The complete data, repeated exactly, should form your response.

**** Supplied material ****

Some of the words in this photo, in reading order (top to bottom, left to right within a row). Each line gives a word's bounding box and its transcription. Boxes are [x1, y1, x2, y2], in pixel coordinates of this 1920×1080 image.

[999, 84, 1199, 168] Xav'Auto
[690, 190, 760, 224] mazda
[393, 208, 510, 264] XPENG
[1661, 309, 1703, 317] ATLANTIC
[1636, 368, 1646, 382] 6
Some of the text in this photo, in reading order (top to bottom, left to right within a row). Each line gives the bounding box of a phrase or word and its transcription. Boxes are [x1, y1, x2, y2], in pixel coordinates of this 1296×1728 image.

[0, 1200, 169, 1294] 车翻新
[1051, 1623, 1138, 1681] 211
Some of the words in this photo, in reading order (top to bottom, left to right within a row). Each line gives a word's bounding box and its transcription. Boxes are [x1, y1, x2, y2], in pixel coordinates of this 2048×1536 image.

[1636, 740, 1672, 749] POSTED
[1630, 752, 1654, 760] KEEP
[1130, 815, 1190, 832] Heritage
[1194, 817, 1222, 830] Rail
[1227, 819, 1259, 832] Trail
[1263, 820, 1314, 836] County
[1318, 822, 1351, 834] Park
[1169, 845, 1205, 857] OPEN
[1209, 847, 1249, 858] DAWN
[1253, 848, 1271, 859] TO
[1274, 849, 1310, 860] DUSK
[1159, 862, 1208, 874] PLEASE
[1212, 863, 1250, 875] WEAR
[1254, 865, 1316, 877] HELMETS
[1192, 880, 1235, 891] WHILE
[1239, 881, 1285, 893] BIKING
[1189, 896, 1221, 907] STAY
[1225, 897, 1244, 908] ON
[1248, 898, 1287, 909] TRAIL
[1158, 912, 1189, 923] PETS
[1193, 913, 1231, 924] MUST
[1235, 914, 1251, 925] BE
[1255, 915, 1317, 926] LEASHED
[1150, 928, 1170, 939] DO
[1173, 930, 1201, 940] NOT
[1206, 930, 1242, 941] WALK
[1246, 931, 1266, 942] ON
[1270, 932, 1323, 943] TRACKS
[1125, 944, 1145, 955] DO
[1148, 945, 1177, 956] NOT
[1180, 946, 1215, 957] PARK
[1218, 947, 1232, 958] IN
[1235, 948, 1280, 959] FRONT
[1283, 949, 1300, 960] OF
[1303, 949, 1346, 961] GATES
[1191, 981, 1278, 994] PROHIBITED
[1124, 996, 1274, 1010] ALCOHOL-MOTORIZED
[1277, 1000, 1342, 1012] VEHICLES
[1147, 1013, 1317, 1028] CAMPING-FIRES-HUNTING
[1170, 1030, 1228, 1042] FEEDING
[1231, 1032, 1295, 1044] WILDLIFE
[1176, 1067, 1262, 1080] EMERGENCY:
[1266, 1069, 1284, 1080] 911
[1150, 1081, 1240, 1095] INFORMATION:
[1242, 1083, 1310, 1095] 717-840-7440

****

* Answer space
Some of the words in this photo, in reading order (top to bottom, left to right within a row). Each line gives a word's bounding box and its transcription. Boxes are [x1, y1, x2, y2], in pixel coordinates of this 1920×1080 image.

[999, 84, 1199, 168] Xav'Auto
[690, 190, 760, 224] mazda
[393, 208, 510, 264] XPENG
[1661, 309, 1703, 317] ATLANTIC
[1636, 368, 1646, 382] 6
Some of the text in this photo, in reading order (top to bottom, left to right within a row). Each line gives the bounding box of a phrase or word and its transcription. Boxes are [x1, y1, x2, y2], in pixel coordinates of this 1296×1728 image.

[0, 1200, 169, 1294] 车翻新
[1051, 1623, 1138, 1681] 211
Some of the words in this photo, in reading order (top to bottom, left to right within a row). Each line gives a word's bounding box and its transcription. Boxes are [x1, y1, x2, y2], in pixel coordinates of this 2048×1536 image.

[1636, 740, 1672, 749] POSTED
[1630, 752, 1654, 760] KEEP
[1130, 815, 1190, 832] Heritage
[1194, 817, 1222, 830] Rail
[1227, 819, 1259, 832] Trail
[1263, 820, 1314, 836] County
[1318, 822, 1351, 834] Park
[1169, 845, 1205, 857] OPEN
[1209, 847, 1249, 858] DAWN
[1253, 848, 1271, 859] TO
[1274, 849, 1310, 860] DUSK
[1159, 862, 1208, 874] PLEASE
[1212, 863, 1250, 875] WEAR
[1254, 865, 1316, 877] HELMETS
[1192, 880, 1235, 891] WHILE
[1239, 881, 1285, 893] BIKING
[1189, 896, 1221, 907] STAY
[1225, 897, 1244, 908] ON
[1248, 898, 1287, 909] TRAIL
[1158, 912, 1189, 923] PETS
[1193, 913, 1231, 924] MUST
[1235, 914, 1251, 925] BE
[1255, 915, 1317, 926] LEASHED
[1150, 928, 1170, 939] DO
[1173, 930, 1201, 940] NOT
[1206, 930, 1242, 941] WALK
[1246, 931, 1266, 942] ON
[1270, 932, 1323, 943] TRACKS
[1125, 944, 1145, 955] DO
[1148, 945, 1177, 956] NOT
[1180, 946, 1215, 957] PARK
[1218, 947, 1232, 958] IN
[1235, 948, 1280, 959] FRONT
[1283, 949, 1300, 960] OF
[1303, 949, 1346, 961] GATES
[1191, 981, 1278, 994] PROHIBITED
[1124, 996, 1274, 1010] ALCOHOL-MOTORIZED
[1277, 1000, 1342, 1012] VEHICLES
[1147, 1013, 1317, 1028] CAMPING-FIRES-HUNTING
[1170, 1030, 1228, 1042] FEEDING
[1231, 1032, 1295, 1044] WILDLIFE
[1176, 1067, 1262, 1080] EMERGENCY:
[1266, 1069, 1284, 1080] 911
[1150, 1081, 1240, 1095] INFORMATION:
[1242, 1083, 1310, 1095] 717-840-7440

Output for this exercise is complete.